US lawmakers from both parties cheered the arrest of WikiLeaks founder Julian Assange, while President Donald Trump claimed he ‘knows nothing’ about the outlet, despite often saying ‘I love WikiLeaks’ during the 2016 campaign.
Assange was dragged out of the Ecuadorian Embassy in London on Thursday morning by UK police, acting on a US warrant for his arrest on charges of “conspiracy to commit computer intrusion.”
Senator Joe Manchin (D-West Virginia) was on CNN’s New Day show when the news broke, and he rejoiced that Assange is now “our property and we can get the facts and truth from him.”
Though current US charges against Assange are related to the 2010 publication of secret US documents, Democrats and anti-Trump Republicans in Congress were quick to drag up the “Russiagate” conspiracy theory to argue that the WikiLeaks publisher is really an agent of the Kremlin.
“I hope he will soon be held to account for his meddling in our elections on behalf of Putin and the Russian government,” tweeted Senate Minority Leader Chuck Schumer (D-New York).

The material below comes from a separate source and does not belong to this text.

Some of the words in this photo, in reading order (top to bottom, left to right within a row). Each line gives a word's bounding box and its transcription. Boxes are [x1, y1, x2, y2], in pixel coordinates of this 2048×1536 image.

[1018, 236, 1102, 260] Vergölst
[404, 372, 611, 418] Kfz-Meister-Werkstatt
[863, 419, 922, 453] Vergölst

Whatever Assange’s intentions were when he started WikiLeaks, “what he’s really become is a direct participant in Russian efforts to undermine the West and a dedicated accomplice in efforts to undermine American security,” said Sen. Mark Warner (D-Virginia), ranking member of the Senate Intelligence Committee and one of the leading champions of ‘Russiagate.’

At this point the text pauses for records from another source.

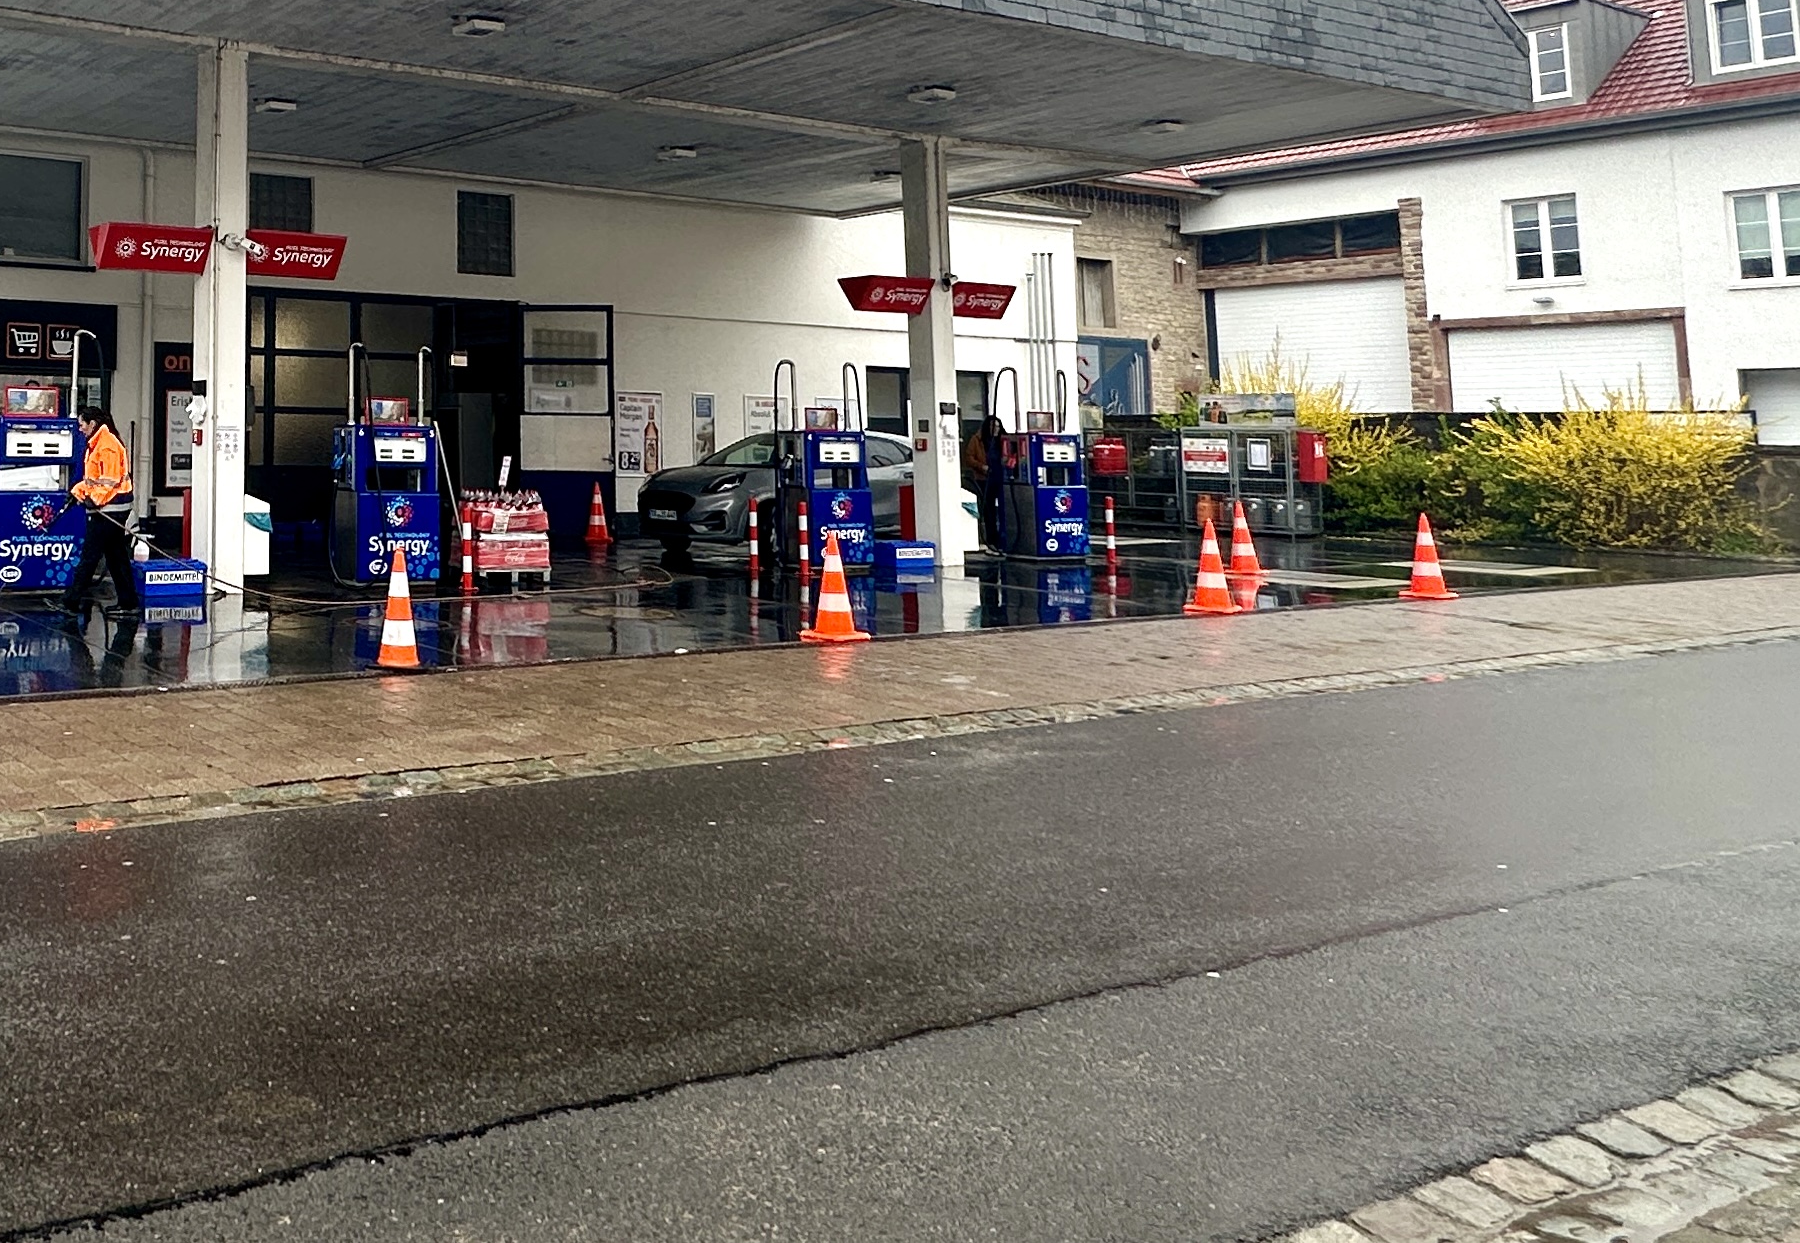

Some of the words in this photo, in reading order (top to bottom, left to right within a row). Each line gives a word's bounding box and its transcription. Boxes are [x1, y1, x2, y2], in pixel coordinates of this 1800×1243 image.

[140, 241, 205, 262] Synergy
[272, 248, 333, 268] Synergy
[884, 289, 927, 306] Synergy
[966, 295, 1005, 311] Synergy
[820, 526, 866, 544] Snergy
[1044, 519, 1084, 537] Synergy
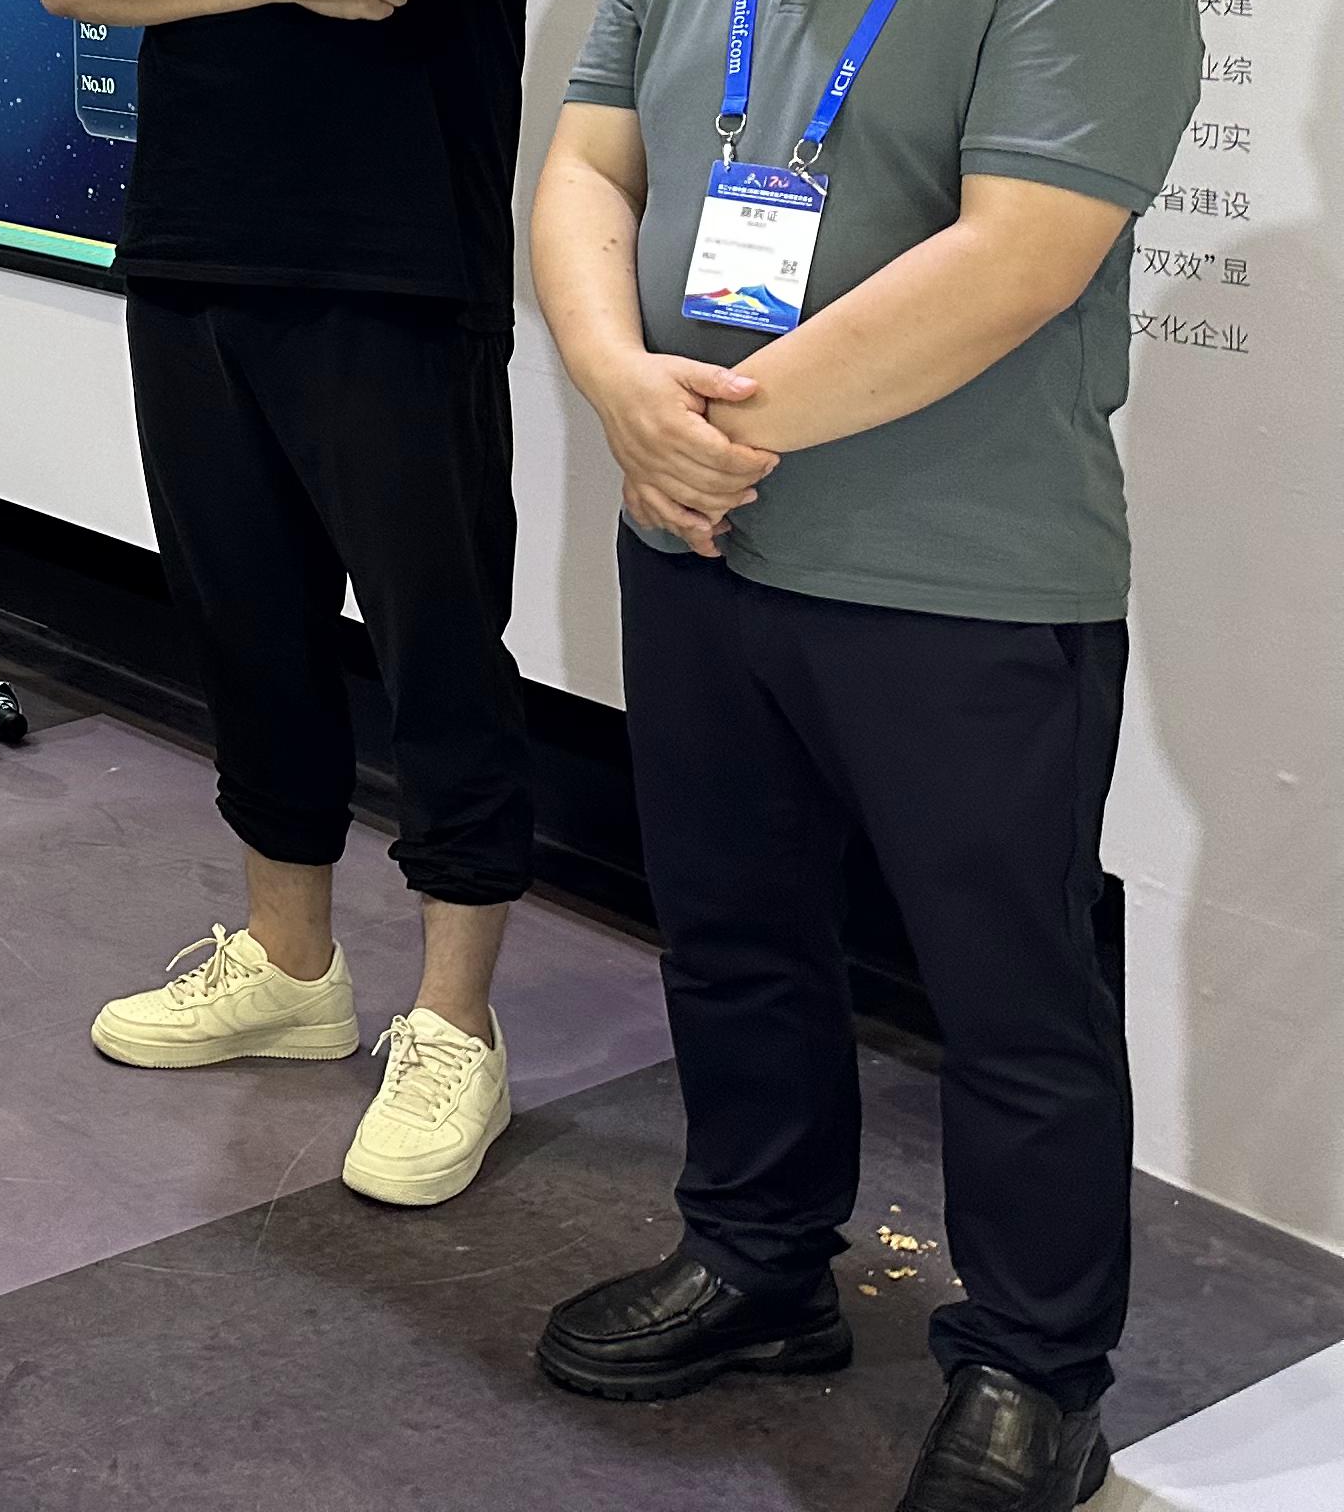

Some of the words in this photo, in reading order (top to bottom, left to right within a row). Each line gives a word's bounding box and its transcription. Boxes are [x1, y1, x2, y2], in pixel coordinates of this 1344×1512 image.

[79, 22, 107, 41] No.9
[81, 74, 115, 95] No.10
[830, 59, 857, 97] ICIF
[1189, 120, 1251, 154] 切实
[1152, 184, 1251, 222] 省建设
[1130, 310, 1250, 355] 文化企业

Intelligence Committee chair Richard Burr (R-North Carolina) agreed with Warner, as usual, saying Assange and WikiLeaks have “effectively acted as an arm of the Russian intelligence services for years.”
Sen. Ben Sasse (R-Nebraska) called Assange “a wicked tool of Vladimir Putin and the Russian intelligence services” who “deserves to spend the rest of his life in prison.”

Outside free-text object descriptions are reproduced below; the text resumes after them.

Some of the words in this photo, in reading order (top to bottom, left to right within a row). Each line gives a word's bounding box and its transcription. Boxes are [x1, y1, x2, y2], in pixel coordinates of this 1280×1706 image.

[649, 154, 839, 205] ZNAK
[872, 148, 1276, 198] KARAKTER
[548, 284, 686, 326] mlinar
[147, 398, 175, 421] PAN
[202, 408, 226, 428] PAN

House Foreign Relations Committee chair Eliot Engel (D-New York) also brought up Russiagate, saying Assange “time after time compromised the national security of the United States and our allies by publicly releasing classified government documents and confidential materials related to our 2016 presidential election.”
Engel’s committee also went after RT America reporter Dan Cohen, saying the First Amendment protected even “Russian propaganda outlets like the one you work for,” but not “criminals who weaponize stolen information.”
In 2016, WikiLeaks published Democratic National Committee documents showing that party officials were colluding to swing the primary election for Hillary Clinton – which was later confirmed in a memoir by DNC chair Donna Brazile. WikiLeaks also published emails from Clinton campaign chair John Podesta’s private account, in the month leading up to the election.
One of the rare exceptions was Rep. Tulsi Gabbard (D-Hawaii), who told CNN that documents published by WikiLeaks “informed the American people about actions that were taking place that they should be aware of” and “provided transparency” about civil liberties issues as well as “actions that our military was taking in the Middle East that they should not have been.”
Former Senator Mike Gravel (D-Alaska), who is vying for the Democratic presidential nomination, openly called for Assange to be pardoned.
Assange got no sympathy from the Trump administration, however, even though candidate Trump repeatedly told campaign rallies “I love WikiLeaks!” during the run-up to the 2016 election. Asked about Assange’s arrest on Thursday, Trump told reporters:
I know nothing about Wikileaks. It’s not my thing… I don't really have an opinion.
In September 2017, Trump’s CIA Director Mike Pompeo, who also cheered WikiLeaks releases in 2016, called WikiLeaks an “enemy” of the US and described it as “akin to a hostile foreign intelligence service.”